Re: [PATCH] doc: revisions: improve single range explanation

Felipe Contreras <felipe.contreras@xxxxxxxxx> · Tue, 15 Jun 2021 06:53:37 -0500

Elijah Newren wrote:
> On Sun, Jun 13, 2021 at 10:09 AM Felipe Contreras
> <felipe.contreras@xxxxxxxxx> wrote:
> > Elijah Newren wrote:

> > > I tend to agree with Eric.  I think the example you chose is likely to
> > > be misinterpreted and your wording magnifies it.  A..F B..E simplifies
> > > to B..F which is *almost* the union of A..F and B..E, it's only
> > > missing A.  Off-by-one errors are easy to miss.
> >
> > Yes, but right before it's explained that the ending point is F.
> > Not E, F.
> 
> I think this is somewhat of a useless distinction -- not for the end
> result, but in terms of helping users understand.  We started adding
> an explanation to the manual because users misunderstand how
> "start1..end1 start2..end2" is treated and we want to correct their
> misunderstandings.  In that context, the only misunderstanding I can
> think of that is dispelled by specifying F is the endpoint would be
> "two ranges are intersected to get the range of commits that log will
> operate on".  I've never seen users assume that or make such a
> mistake.  I've always seen them assume that the "two ranges are
> combined with a union".

Then that warrants yet another paragraph, because this one is for:

  Commands that are specifically designed to take two distinct ranges
  (e.g. "git range-diff R1 R2" to compare two ranges) do exist, but they
  are exceptions.

Probably outside the section of Dotted Range Notations, because if the
user is confused about what 'C B A A' should do, that has nothing to do
with this dotted ranges.

Maybe after the user has been told that:

  Specifying several revisions means the set of commits reachable from
  any of the given commits.

  A commit's reachable set is the commit itself and the commits in
  its ancestry chain.

> > > You make it more likely that they'll miss it, because there are only 6
> > > commits total in the union, and you are trying to explain why listing
> > > A..F B..E while not be 8 commits, which readers can easily respond
> > > with, "Well, of course it's not 8 commits.  There's only 6.
> >
> > If the reader understands that no more than 6 commits can be returned,
> > then the reader has understood the point that the operation is not
> > addition.
> 
> Who in the world ever assumes that "two dotted ranges are combined via
> list addition"?

I don't know, but that is the paragraph we are on:

  Commands that are specifically designed to take two distinct ranges
  (e.g. "git range-diff R1 R2" to compare two ranges) do exist, but they
  are exceptions.

If you are arguing for the removal of this entire paragraph and its
examples, I'd be fine with that.

> I've only ever come across users assuming the
> operation is a union (or, equivalently, addition on sets).  I don't
> understand why you even try to make that point, and think it's a
> distraction that does more harm than good.

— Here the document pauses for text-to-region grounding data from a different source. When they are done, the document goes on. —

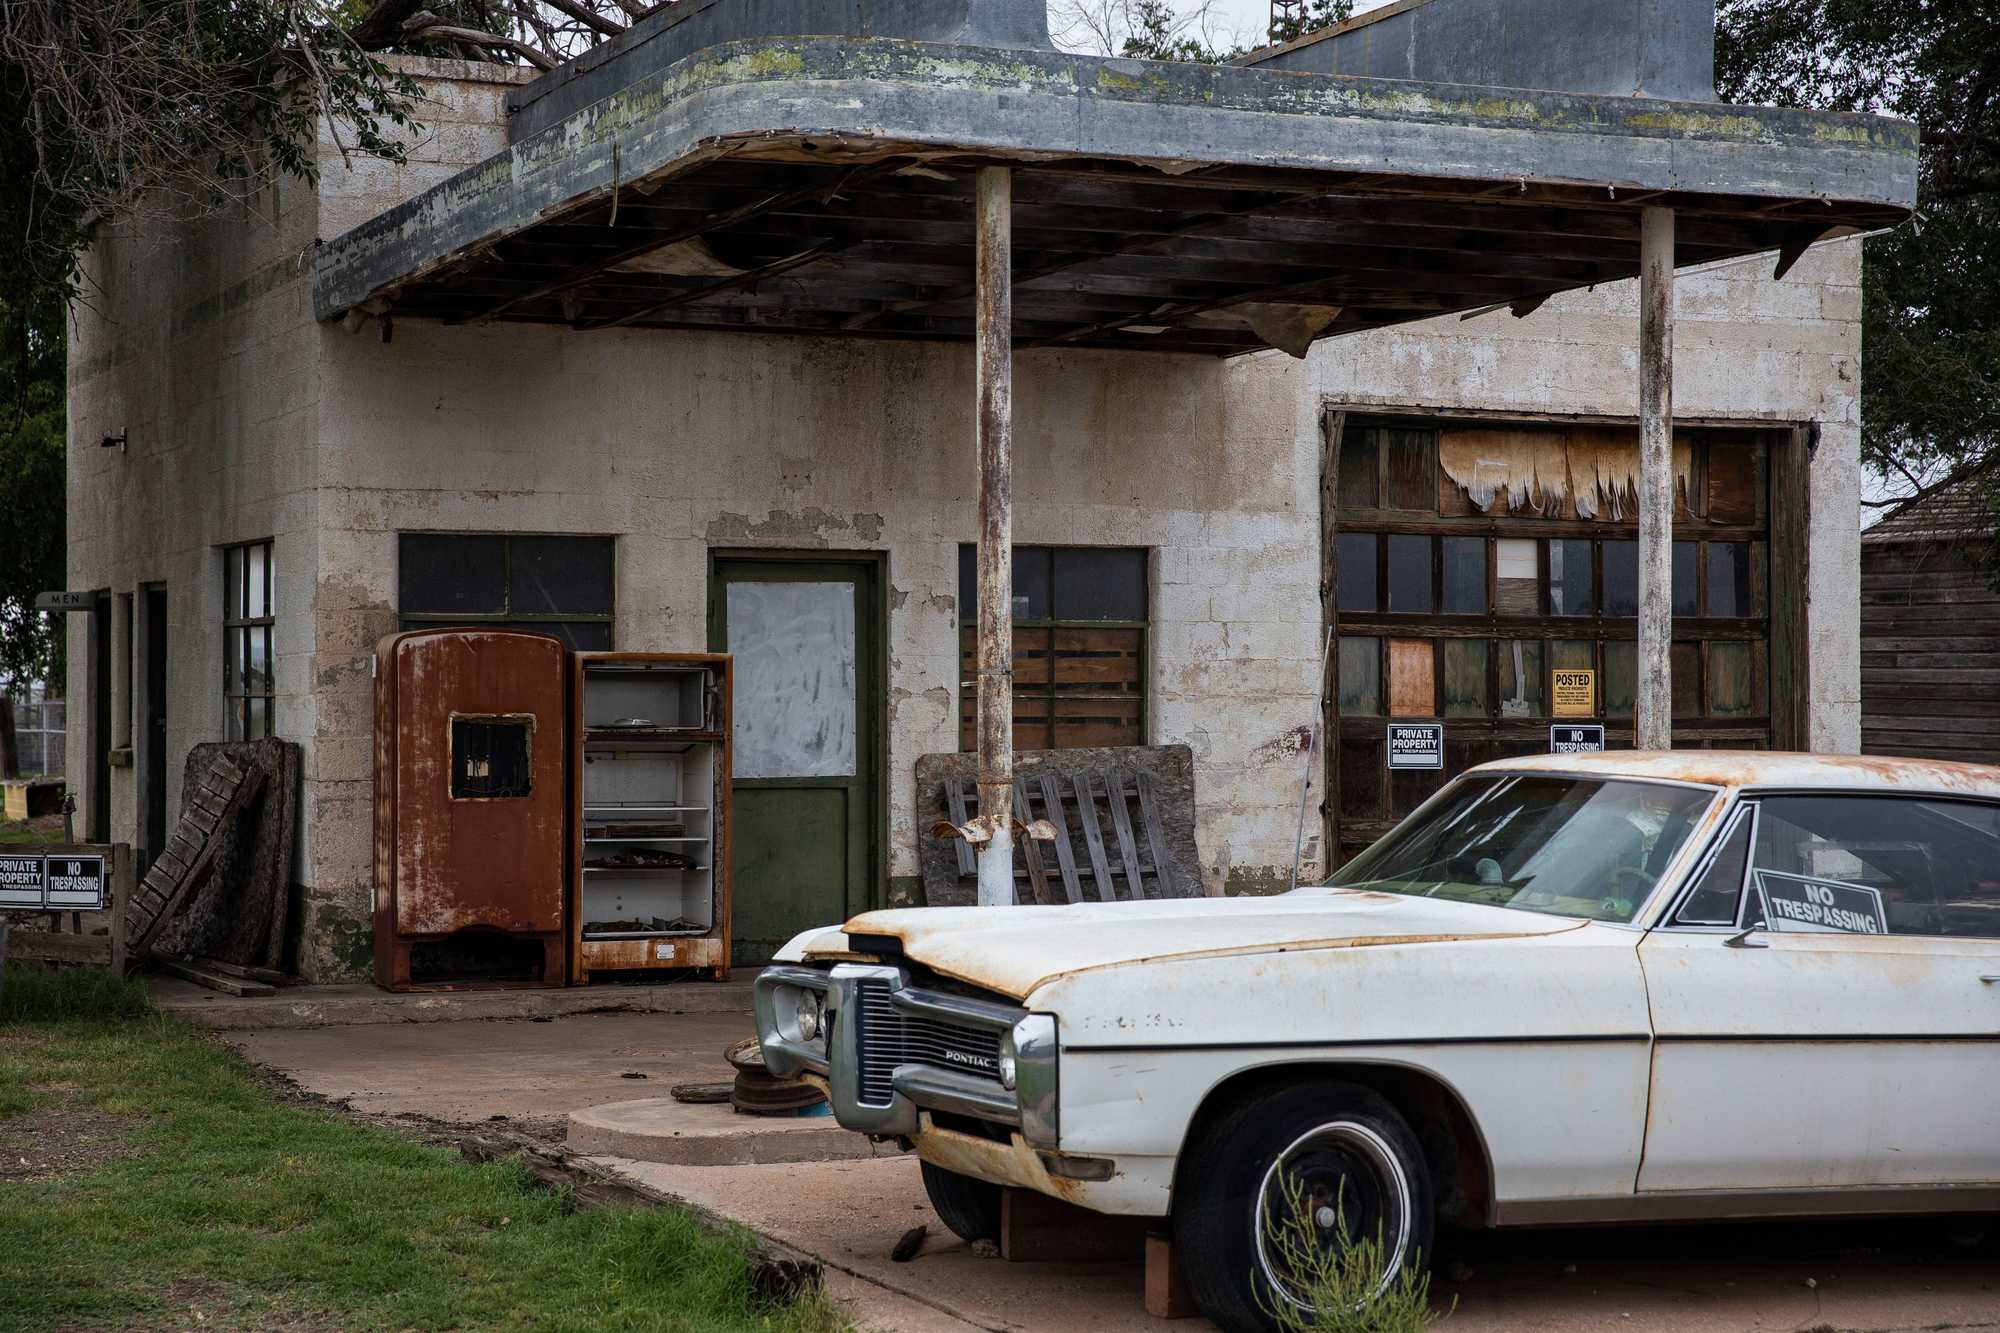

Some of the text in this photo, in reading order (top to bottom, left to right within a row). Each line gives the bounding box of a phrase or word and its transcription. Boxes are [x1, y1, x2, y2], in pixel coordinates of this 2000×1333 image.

[51, 594, 80, 604] MEN
[1556, 674, 1590, 686] POSTED
[1397, 729, 1433, 739] PRIVATE
[1571, 730, 1584, 742] NO
[1392, 739, 1437, 749] PROPERTY
[1556, 742, 1600, 753] TRESPASSING
[0, 860, 37, 872] PRIVATE
[67, 861, 81, 876] NO
[0, 872, 42, 884] ROPERTY
[50, 876, 99, 891] TRESPASSING
[1804, 884, 1835, 906] NO
[1771, 897, 1876, 933] TRESPASSING
[945, 1050, 992, 1067] PONTIAC

If you think it's impossible for the user to assume two dotted ranges
means addition, please explain what is the point of this sentence:

  Unless otherwise noted, all "git" commands that operate on a set of
  commits work on a single revision range.

> > > When you do the union operation, of course the duplicates go away",
> > > and miss the actual point that A got excluded.
> >
> > But that is not the point. This is the point:
> >
> >   Unless otherwise noted, all git commands that operate on a set of
> >   commits work on a single revision range.
> >
> > You are missing the forest for the trees.
> 
> I think you are missing the boat.
> 
> That sentence on its own is completely insufficient to dispel the
> misunderstanding.

One misunderstanding, perhaps, not the one we are trying to tackle
here.

> All that sentence says to users is that if they specify what they
> think of as "two ranges" that we'll somehow treat it as one;

Didn't you just said the user would never think it's actually two
ranges?

What's the point in saying that if the user already knows it?

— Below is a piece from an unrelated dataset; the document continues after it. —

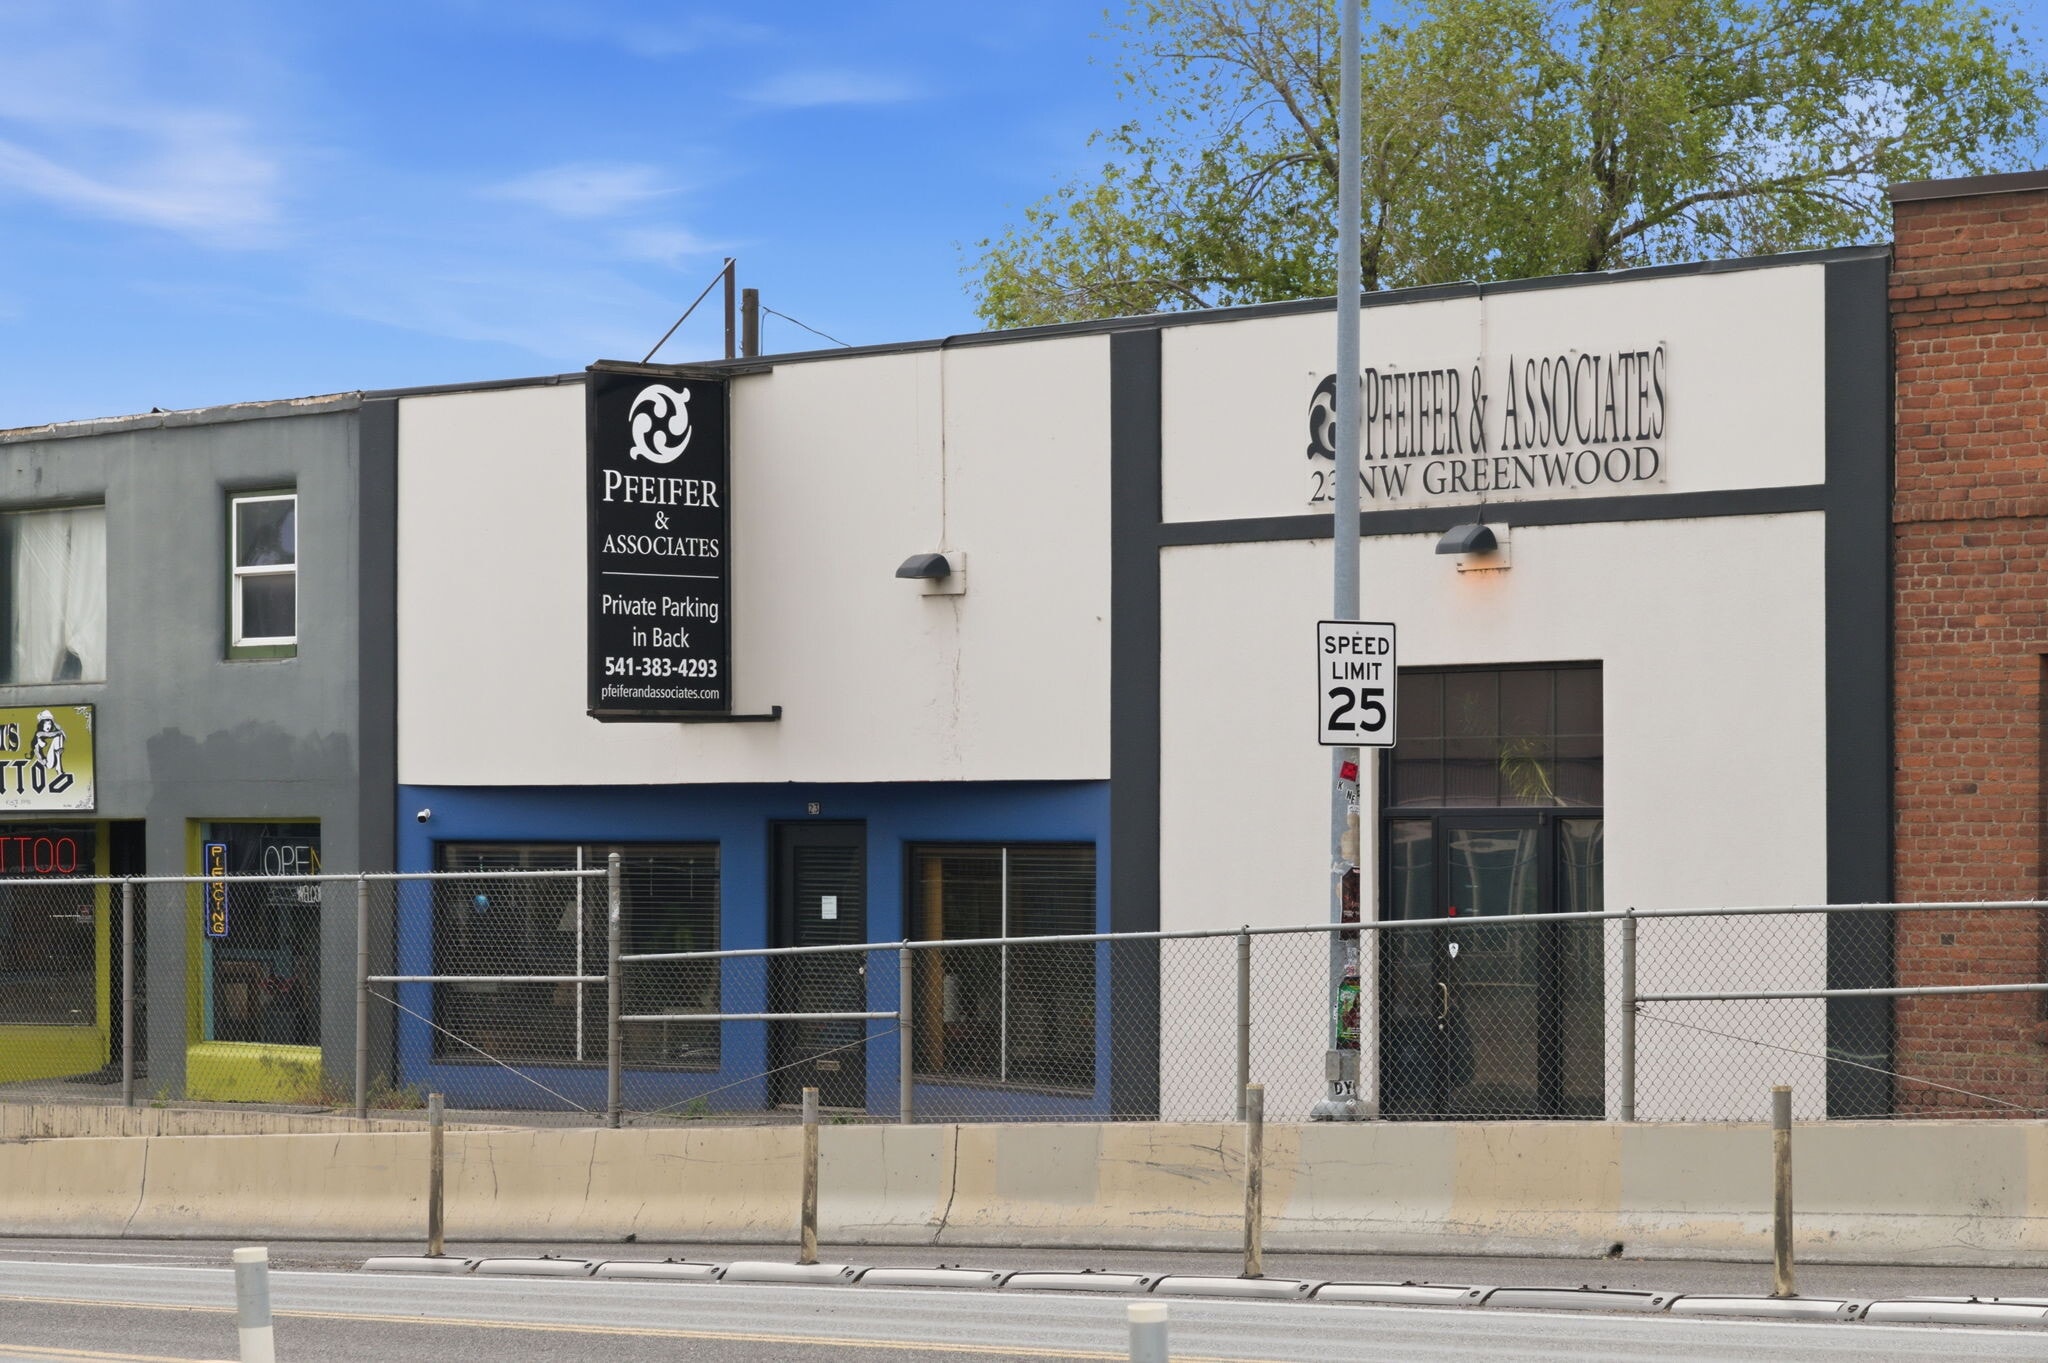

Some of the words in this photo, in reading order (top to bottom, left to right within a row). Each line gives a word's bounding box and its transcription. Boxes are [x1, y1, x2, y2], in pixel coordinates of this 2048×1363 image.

> but since users are prone to think that "revision range" is
> interchangeable with "set of revisions" (especially since we defined
> A..B elsewhere in set operations), this will merely make them think in
> terms of what set operation they need to perform on the "two ranges"
> to get the set of commits the operation will function on.

That belongs in a separate paragraph.

> The example you provide should attempt to help explain why that mental
> model is mistaken and provide them with a corrected one.  Your
> response to Eric suggests you're not even trying to provide a
> corrected mental model, and your response here suggests you are trying
> to only correct mistakes of the form "take two revision ranges and add
> them keeping duplicates" and "take two revision ranges and intersect
> them", neither of which I've observed in the wild.

I'm providing an example for the paragraph that is already written.

If you want me to rewrite the entire section I can certainly give it a
try.

> Commands that are specifically designed to take two distinct ranges
> (e.g. "git range-diff R1 R2" to compare two ranges) do exist, but they
> are exceptions.  Unless otherwise noted, all git commands that operate
> on a set of commits work on a single revision range.

Isn't this obvious for all users?

> Thus, just as "A..B" translates to "^A B", the expression "A..B C..D"
> translates to "^A B ^C D", i.e. all commits reachable from either B or
> D, as long as they are not reachable from either A or C.

How about we remove the entire paragraph and replace it with:

  When specifying two ranges, such as 'A..B C..D', the way this is
  interpreted is as a single range '^A B ^C D', that is: all commits
  reachable from either B or D, as long as they are not reachable from
  either A or C. Assuming a linear history, B would be reachable from C,
  so this is the same as '^C D'.

-- 
Felipe Contreras